TASK DIRECTIONS.
Your reply should reproduce each line below exactly and carry none of the pictures.
══ RECORDS FOR PROCESSING
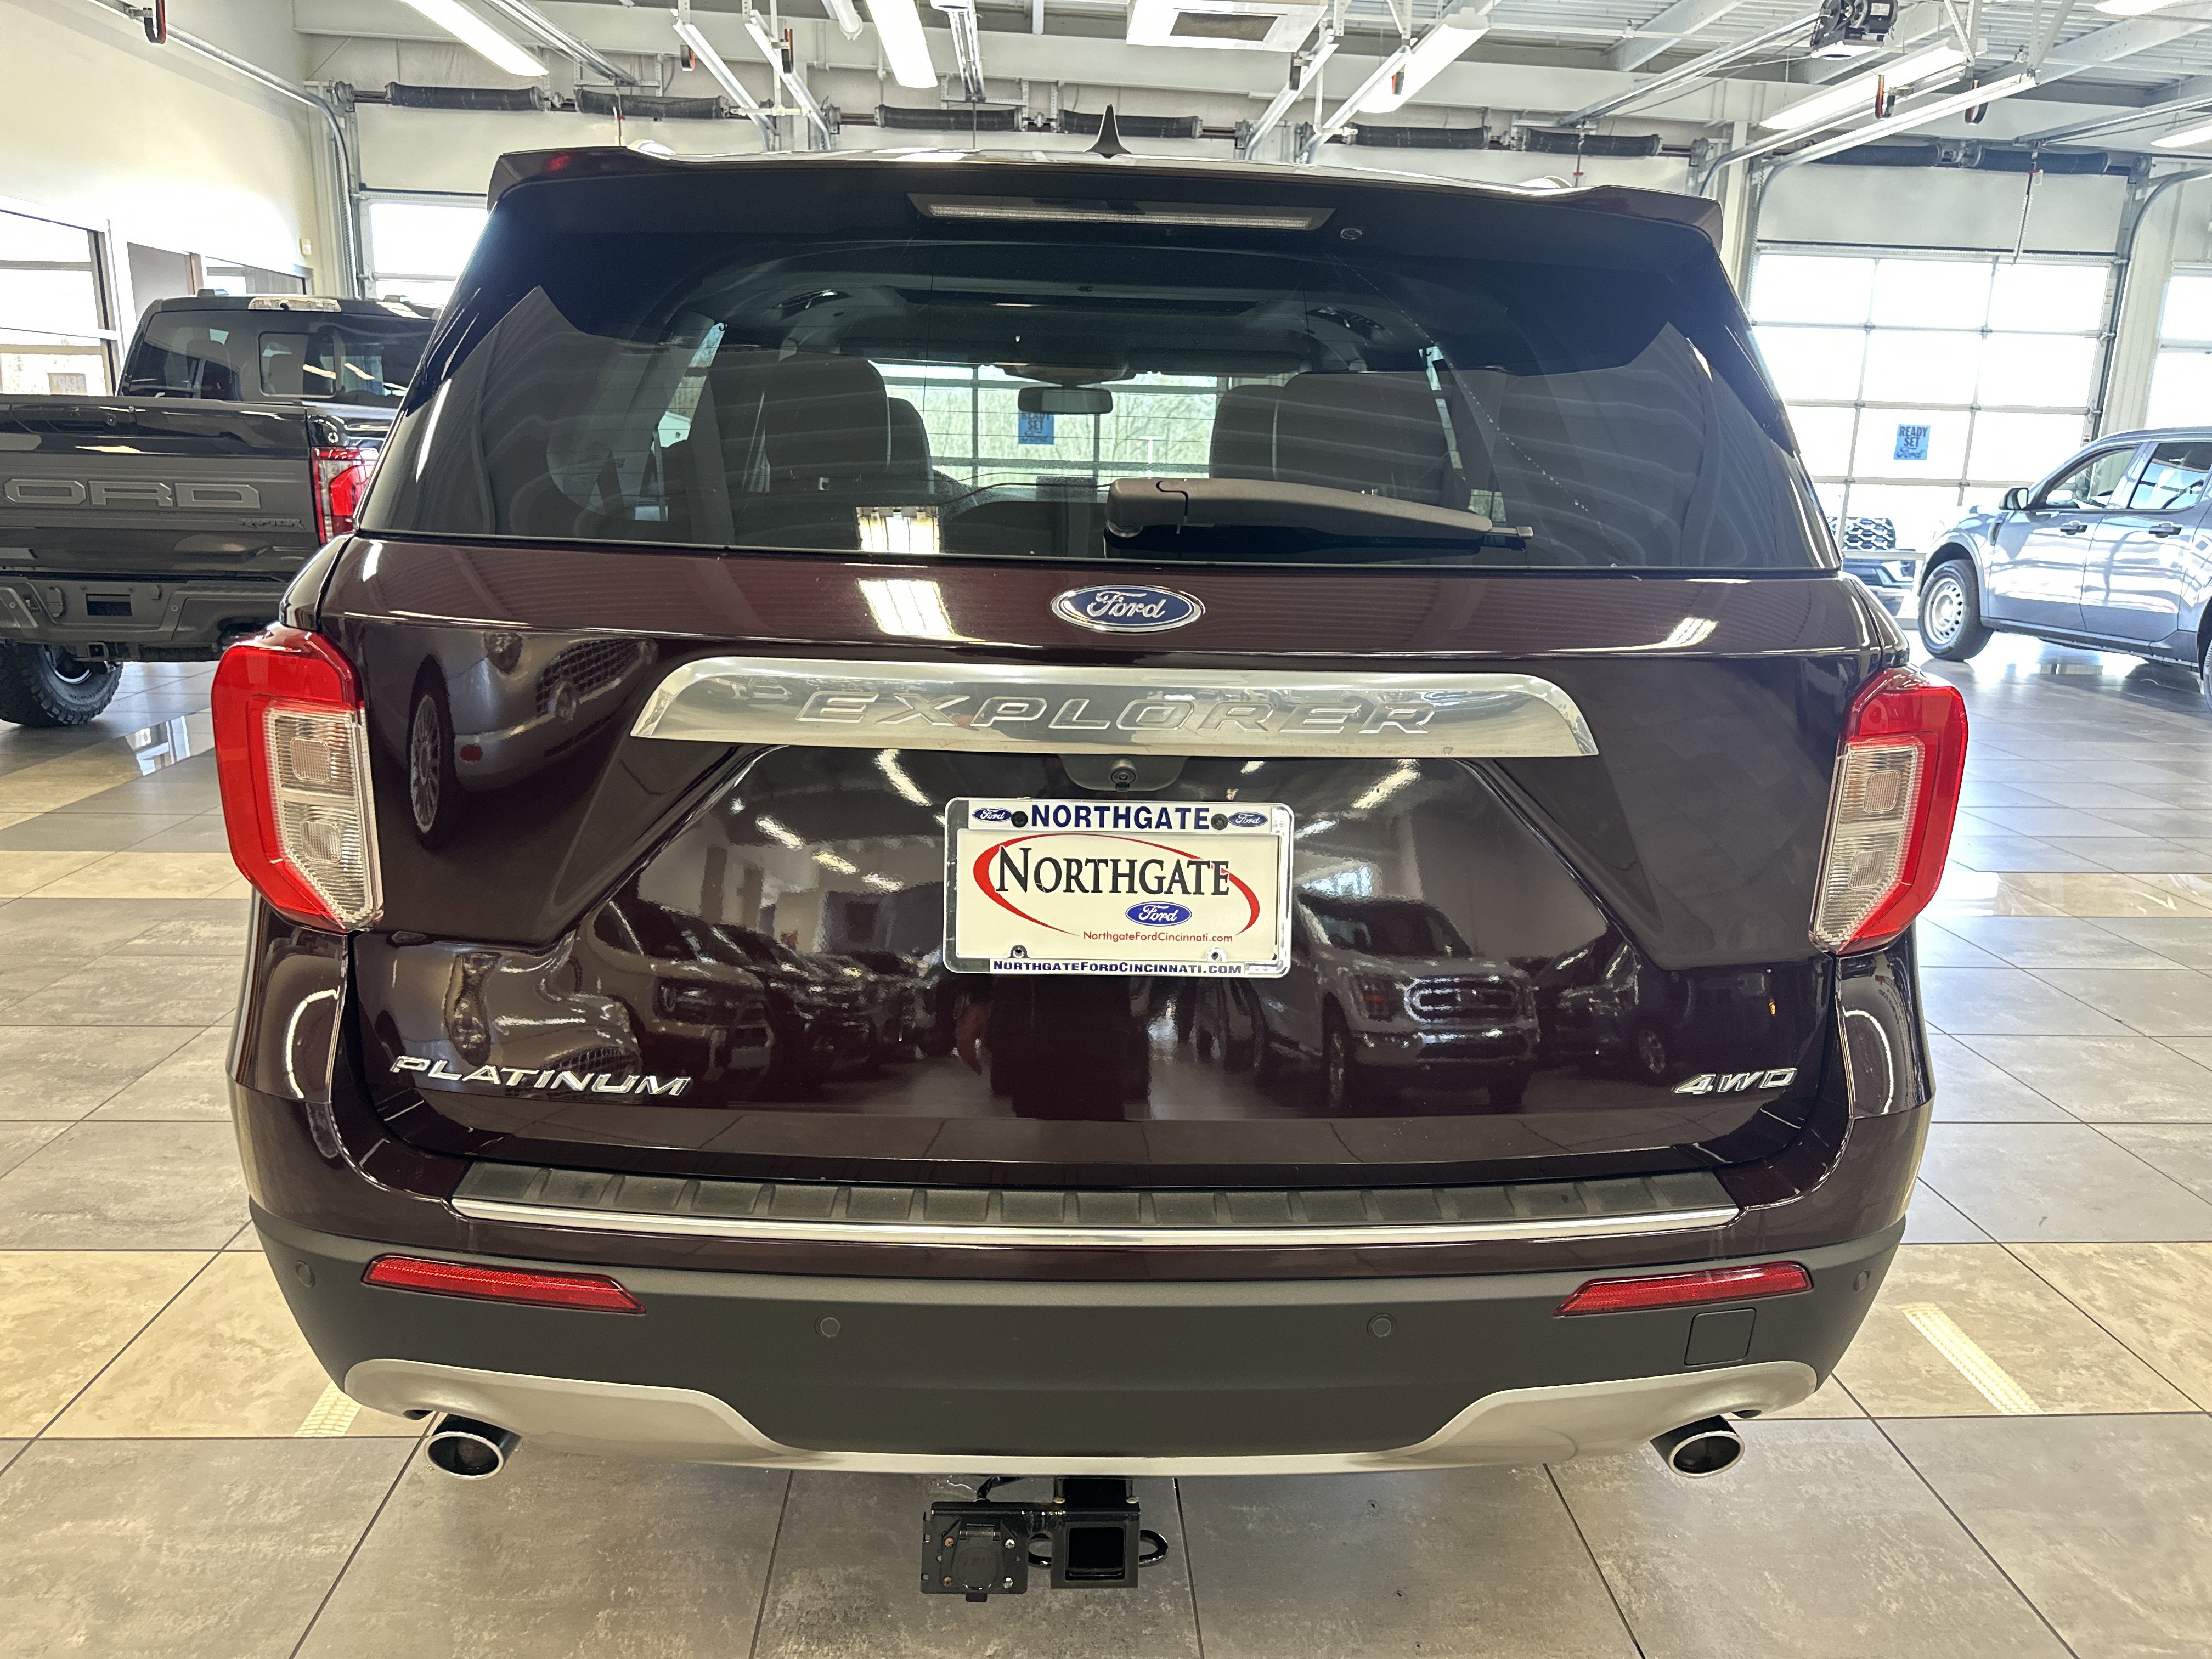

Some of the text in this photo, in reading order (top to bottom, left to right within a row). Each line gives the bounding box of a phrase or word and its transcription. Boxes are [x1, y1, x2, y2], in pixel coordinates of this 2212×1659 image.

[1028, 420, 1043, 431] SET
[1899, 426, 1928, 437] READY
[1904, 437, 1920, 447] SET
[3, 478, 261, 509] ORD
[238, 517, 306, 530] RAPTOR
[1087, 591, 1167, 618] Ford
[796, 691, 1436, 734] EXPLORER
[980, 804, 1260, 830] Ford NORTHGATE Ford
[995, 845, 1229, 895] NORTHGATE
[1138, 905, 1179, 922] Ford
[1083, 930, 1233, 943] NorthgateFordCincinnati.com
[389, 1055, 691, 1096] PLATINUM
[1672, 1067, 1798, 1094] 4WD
════
SOLUTION.
Some of the text in this photo, in reading order (top to bottom, left to right within a row). Each line gives the bounding box of a phrase or word and its transcription. Boxes are [x1, y1, x2, y2], in pixel coordinates of this 2212×1659 image.

[1028, 420, 1043, 431] SET
[1899, 426, 1928, 437] READY
[1904, 437, 1920, 447] SET
[3, 478, 261, 509] ORD
[238, 517, 306, 530] RAPTOR
[1087, 591, 1167, 618] Ford
[796, 691, 1436, 734] EXPLORER
[980, 804, 1260, 830] Ford NORTHGATE Ford
[995, 845, 1229, 895] NORTHGATE
[1138, 905, 1179, 922] Ford
[1083, 930, 1233, 943] NorthgateFordCincinnati.com
[389, 1055, 691, 1096] PLATINUM
[1672, 1067, 1798, 1094] 4WD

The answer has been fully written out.